Data supplied:
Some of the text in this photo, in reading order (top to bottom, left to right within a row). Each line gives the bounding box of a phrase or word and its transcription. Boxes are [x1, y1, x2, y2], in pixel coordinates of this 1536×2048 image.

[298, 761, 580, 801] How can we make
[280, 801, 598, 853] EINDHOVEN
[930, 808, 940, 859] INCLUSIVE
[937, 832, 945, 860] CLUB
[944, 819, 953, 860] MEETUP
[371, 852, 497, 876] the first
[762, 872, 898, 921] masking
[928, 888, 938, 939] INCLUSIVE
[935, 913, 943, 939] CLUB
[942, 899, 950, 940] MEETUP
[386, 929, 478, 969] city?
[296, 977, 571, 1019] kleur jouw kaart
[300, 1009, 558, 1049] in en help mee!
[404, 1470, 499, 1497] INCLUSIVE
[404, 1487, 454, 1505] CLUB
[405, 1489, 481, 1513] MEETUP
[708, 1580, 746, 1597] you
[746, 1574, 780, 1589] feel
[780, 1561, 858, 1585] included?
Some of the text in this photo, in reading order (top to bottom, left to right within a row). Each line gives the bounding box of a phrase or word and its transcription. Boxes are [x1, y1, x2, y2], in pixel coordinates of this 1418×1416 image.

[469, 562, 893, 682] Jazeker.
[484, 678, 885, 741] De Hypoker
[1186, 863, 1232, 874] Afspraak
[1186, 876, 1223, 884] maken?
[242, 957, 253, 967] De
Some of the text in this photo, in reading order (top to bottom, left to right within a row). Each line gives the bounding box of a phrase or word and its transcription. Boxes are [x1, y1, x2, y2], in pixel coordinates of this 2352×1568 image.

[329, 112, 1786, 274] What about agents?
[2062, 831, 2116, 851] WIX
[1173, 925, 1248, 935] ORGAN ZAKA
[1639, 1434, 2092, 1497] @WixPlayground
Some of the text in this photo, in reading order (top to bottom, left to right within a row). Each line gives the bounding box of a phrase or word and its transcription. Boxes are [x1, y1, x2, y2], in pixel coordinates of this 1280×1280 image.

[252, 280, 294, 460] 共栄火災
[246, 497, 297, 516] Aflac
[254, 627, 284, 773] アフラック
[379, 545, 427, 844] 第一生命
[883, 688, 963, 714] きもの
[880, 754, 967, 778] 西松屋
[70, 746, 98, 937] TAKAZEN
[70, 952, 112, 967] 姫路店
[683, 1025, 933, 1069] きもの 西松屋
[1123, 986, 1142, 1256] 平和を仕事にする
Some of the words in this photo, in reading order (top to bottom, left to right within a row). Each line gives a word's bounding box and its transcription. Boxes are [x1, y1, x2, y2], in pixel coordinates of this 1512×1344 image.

Exercise aim:
Exact repetition of every record is required.

Solution to the problem:
Some of the text in this photo, in reading order (top to bottom, left to right within a row). Each line gives the bounding box of a phrase or word and its transcription. Boxes are [x1, y1, x2, y2], in pixel coordinates of this 1536×2048 image.

[298, 761, 580, 801] How can we make
[280, 801, 598, 853] EINDHOVEN
[930, 808, 940, 859] INCLUSIVE
[937, 832, 945, 860] CLUB
[944, 819, 953, 860] MEETUP
[371, 852, 497, 876] the first
[762, 872, 898, 921] masking
[928, 888, 938, 939] INCLUSIVE
[935, 913, 943, 939] CLUB
[942, 899, 950, 940] MEETUP
[386, 929, 478, 969] city?
[296, 977, 571, 1019] kleur jouw kaart
[300, 1009, 558, 1049] in en help mee!
[404, 1470, 499, 1497] INCLUSIVE
[404, 1487, 454, 1505] CLUB
[405, 1489, 481, 1513] MEETUP
[708, 1580, 746, 1597] you
[746, 1574, 780, 1589] feel
[780, 1561, 858, 1585] included?
Some of the text in this photo, in reading order (top to bottom, left to right within a row). Each line gives the bounding box of a phrase or word and its transcription. Boxes are [x1, y1, x2, y2], in pixel coordinates of this 1418×1416 image.

[469, 562, 893, 682] Jazeker.
[484, 678, 885, 741] De Hypoker
[1186, 863, 1232, 874] Afspraak
[1186, 876, 1223, 884] maken?
[242, 957, 253, 967] De
Some of the text in this photo, in reading order (top to bottom, left to right within a row). Each line gives the bounding box of a phrase or word and its transcription. Boxes are [x1, y1, x2, y2], in pixel coordinates of this 2352×1568 image.

[329, 112, 1786, 274] What about agents?
[2062, 831, 2116, 851] WIX
[1173, 925, 1248, 935] ORGAN ZAKA
[1639, 1434, 2092, 1497] @WixPlayground
Some of the text in this photo, in reading order (top to bottom, left to right within a row). Each line gives the bounding box of a phrase or word and its transcription. Boxes are [x1, y1, x2, y2], in pixel coordinates of this 1280×1280 image.

[252, 280, 294, 460] 共栄火災
[246, 497, 297, 516] Aflac
[254, 627, 284, 773] アフラック
[379, 545, 427, 844] 第一生命
[883, 688, 963, 714] きもの
[880, 754, 967, 778] 西松屋
[70, 746, 98, 937] TAKAZEN
[70, 952, 112, 967] 姫路店
[683, 1025, 933, 1069] きもの 西松屋
[1123, 986, 1142, 1256] 平和を仕事にする
Some of the words in this photo, in reading order (top to bottom, left to right within a row). Each line gives a word's bounding box and its transcription. Boxes are [x1, y1, x2, y2], in pixel coordinates of this 1512×1344 image.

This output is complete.